What are the Best Types of Hay for Guinea Pigs?

Written by Lucas Stock

March 15, 2023🞄

While guinea pig pet parents may know that hay is important for their small herbivore’s diet, they may not know what types of hay are ideal for their pet. In this article, we’ll cover what the best types of hay are for guinea pigs.

Why Is Hay Important For Guinea Pigs?

Small herbivorous mammals such as guinea pigs are avid eaters! High-fiber diets are especially important for guinea pigs, as they have GI systems that require constant fibrous input in the form of plant material. While it may come as a surprise to new guinea pig pet parents, grass hays can and should be offered in unlimited amounts to their small herbivore for this reason. Frequently offering your guinea pig a grass hay throughout the day keeps them interested in eating and consistently provides an available material to eat, keeping their GI system moving at a healthy pace.
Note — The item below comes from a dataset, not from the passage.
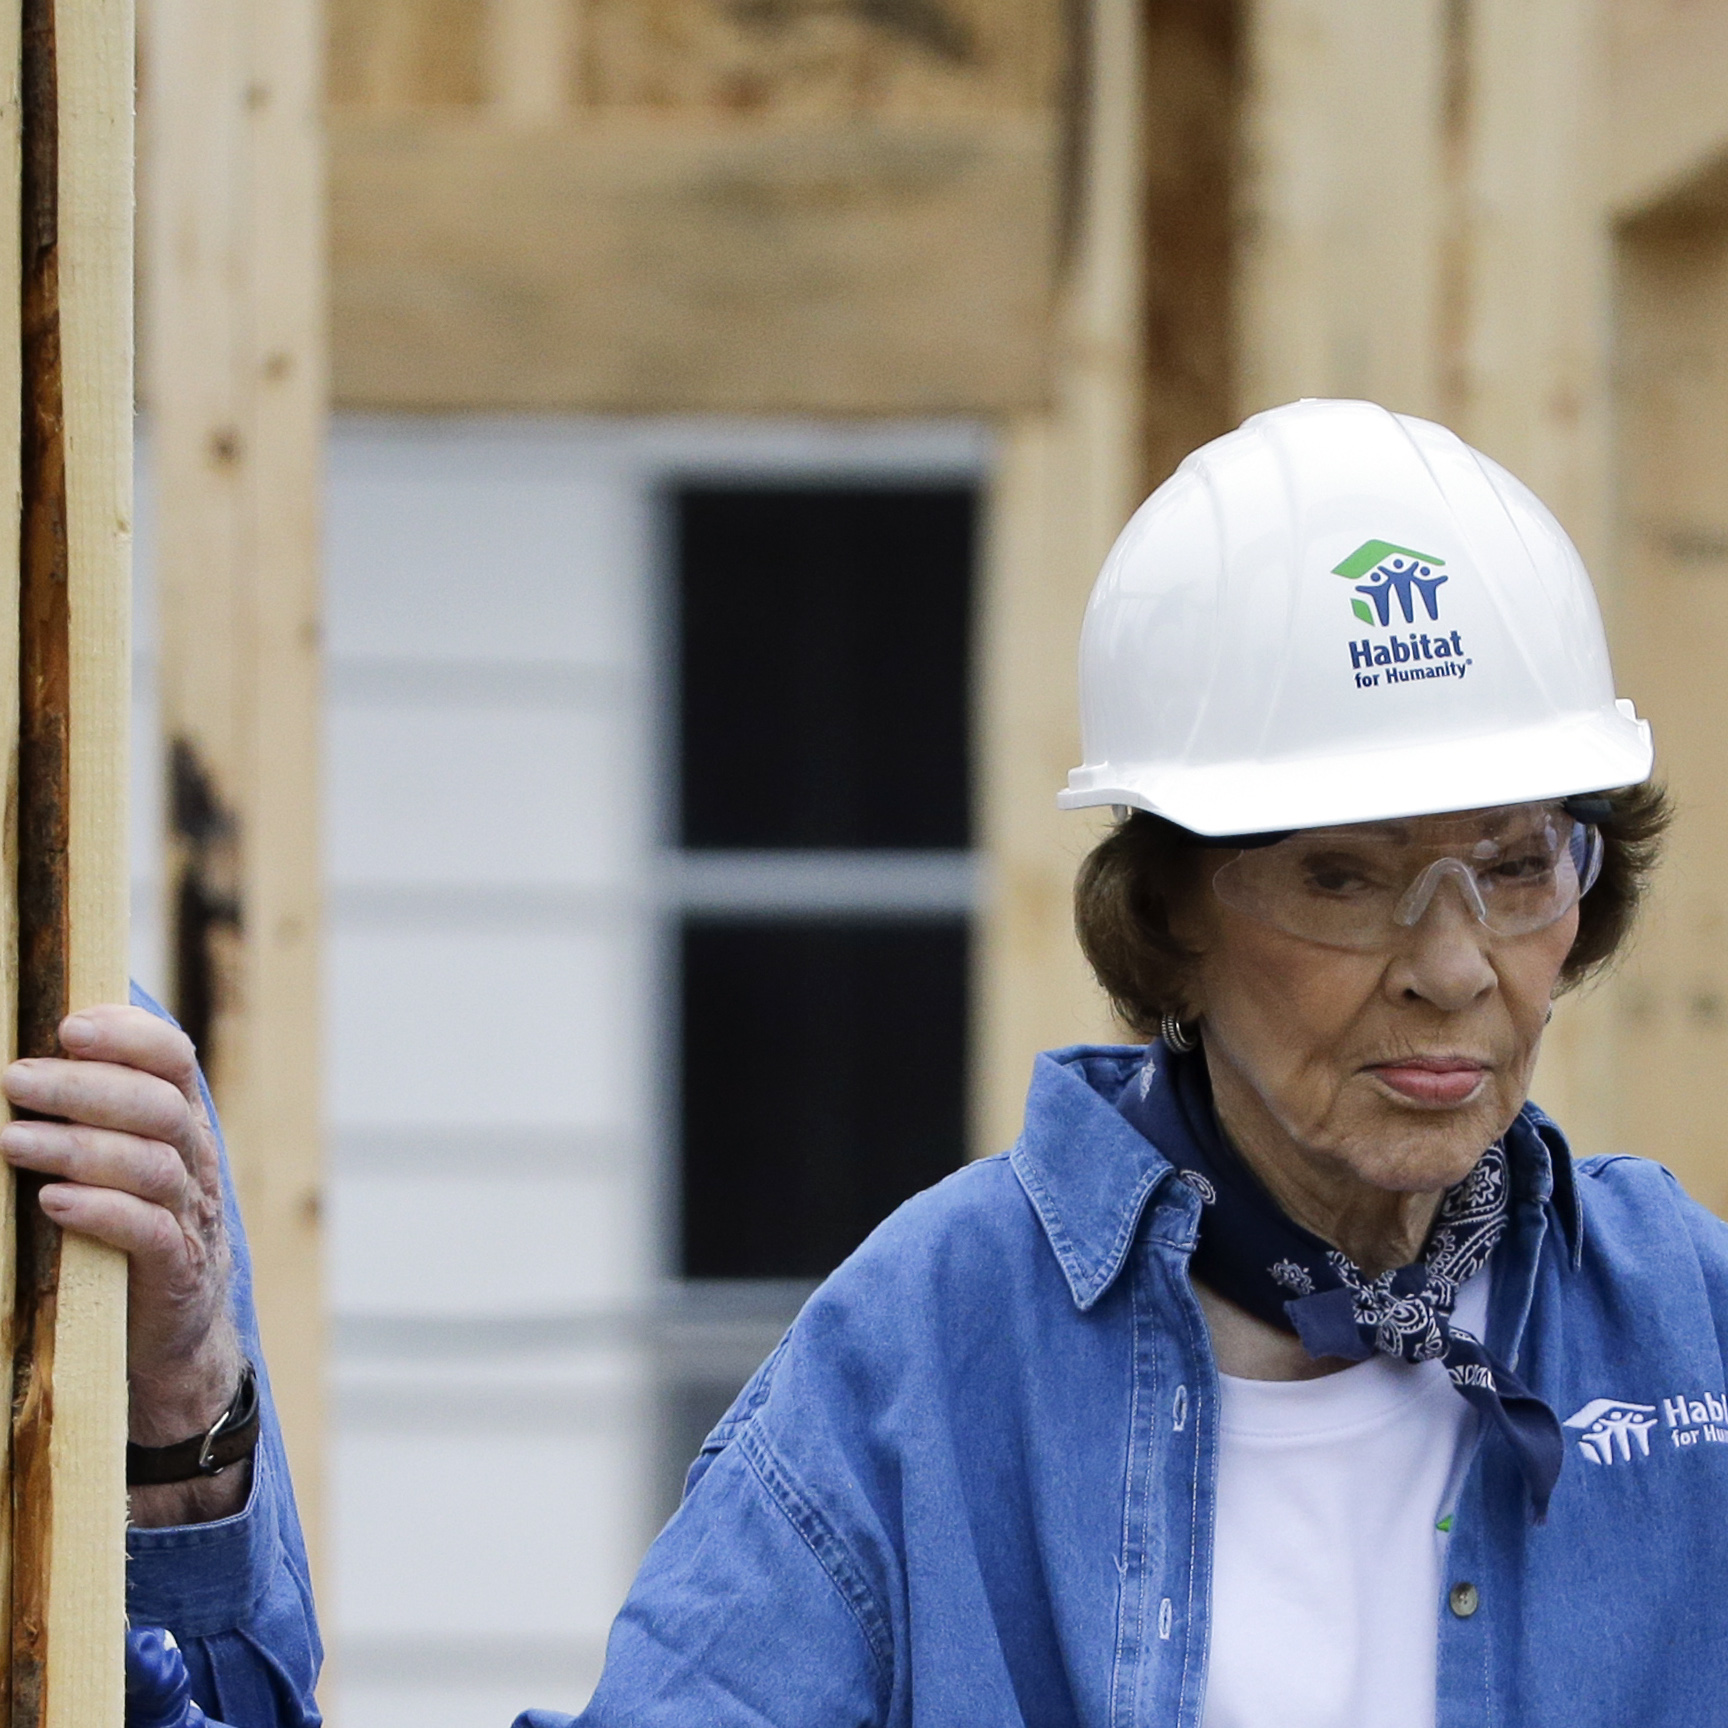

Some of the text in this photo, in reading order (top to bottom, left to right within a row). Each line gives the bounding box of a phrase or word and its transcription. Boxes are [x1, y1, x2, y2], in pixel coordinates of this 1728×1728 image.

[1348, 630, 1464, 669] Habitat
[1355, 661, 1467, 688] for Humanity
[1671, 1428, 1700, 1447] for
While the wild ancestors of guinea pigs often had to juggle finding enough to eat with hiding from predators, when they’re safe indoors our small companions no longer need to juggle the stress of eating as much calorically dense food as possible while avoiding becoming a meal for another animal. This is another reason why grass hays are the basis for small herbivore diets: it keeps their GI systems functioning while not being too calorically dense to cause major weight gain.
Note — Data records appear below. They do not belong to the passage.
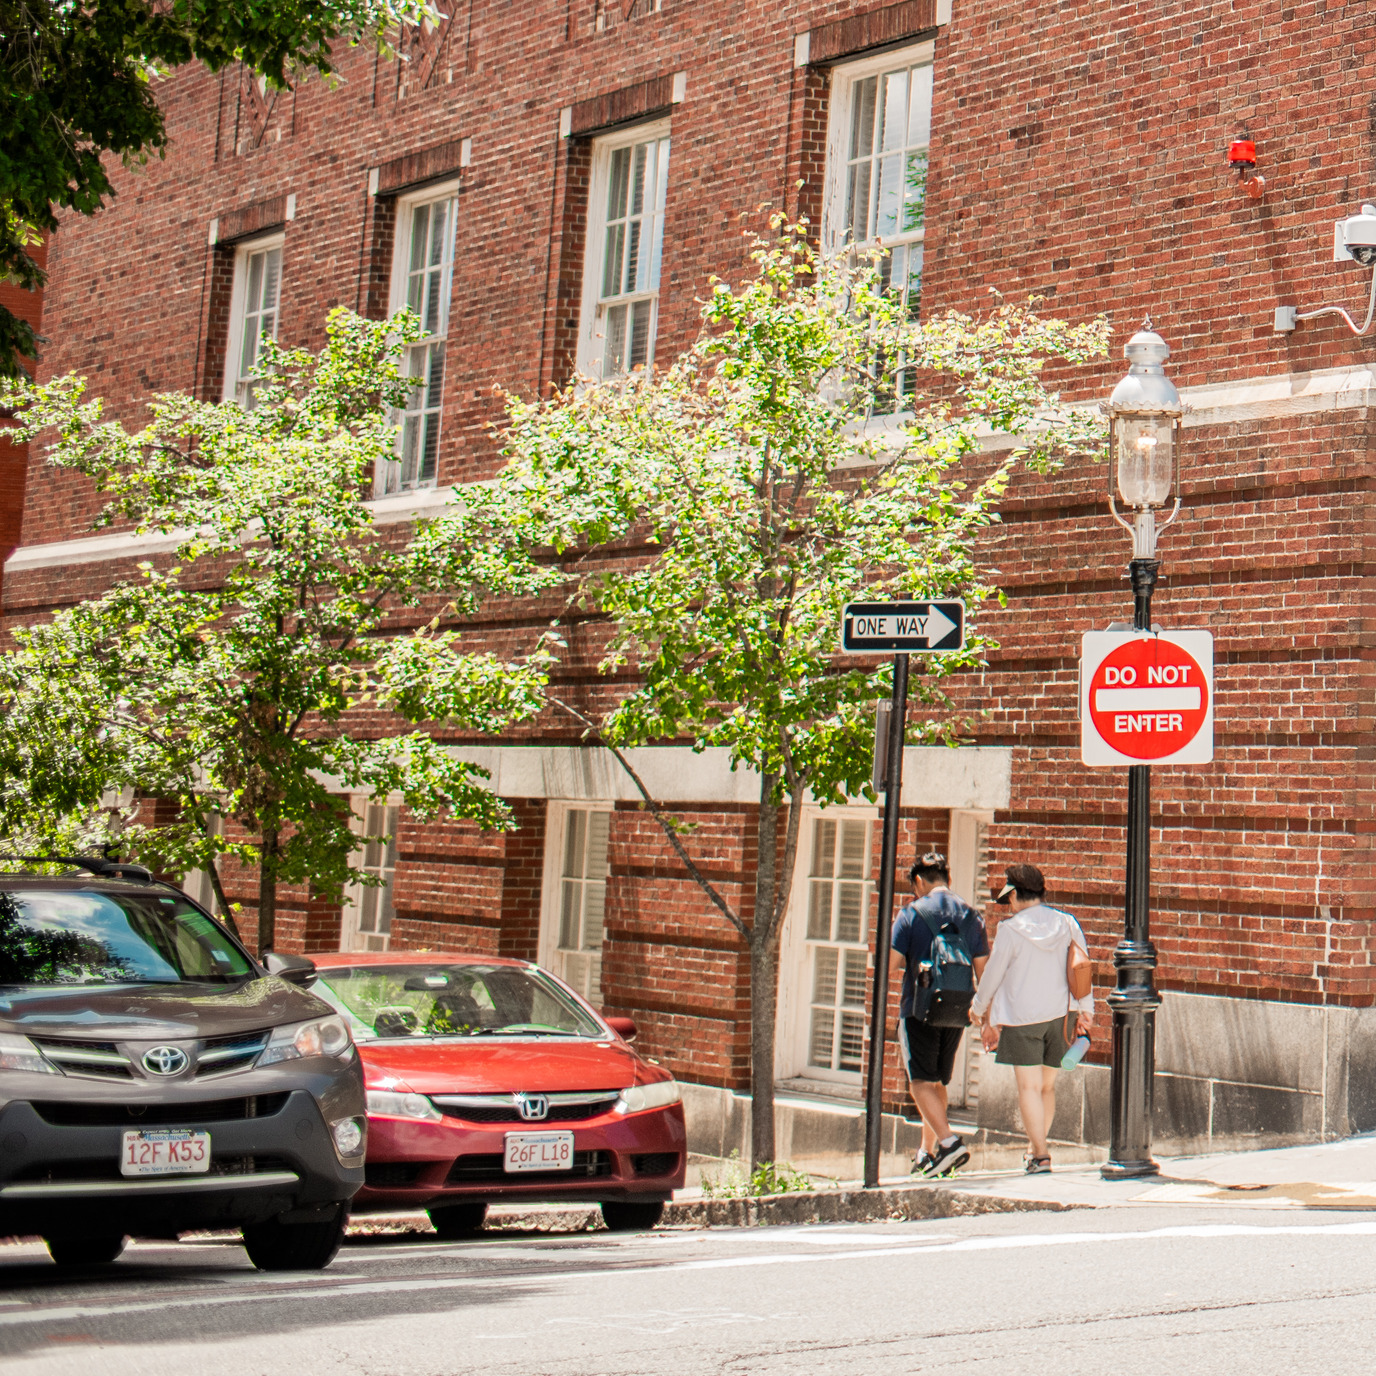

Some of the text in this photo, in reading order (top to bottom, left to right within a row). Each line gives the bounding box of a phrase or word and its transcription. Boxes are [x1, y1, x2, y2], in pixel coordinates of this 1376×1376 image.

[856, 617, 929, 636] ONE WAY
[1104, 665, 1193, 686] DO NOT
[1114, 713, 1184, 733] ENTER
[127, 1140, 205, 1165] 12F K53
[509, 1143, 569, 1163] 26F L18
In addition to hay’s nutritional significance, grass hay plays a major role in keeping small herbivores’ dentition (teeth) healthy. Our small herbivores have teeth that have evolved to handle the constant chewing motion of eating fibrous plant material. This means that your guinea pig’s teeth constantly grow as a way to compensate for the heavy wear their dentition experiences while eating the large amounts of food they need. In this sense, hay is important to provide because it can help prevent your pet’s teeth from overgrowing and causing serious issues like tongue entrapment or malocclusion.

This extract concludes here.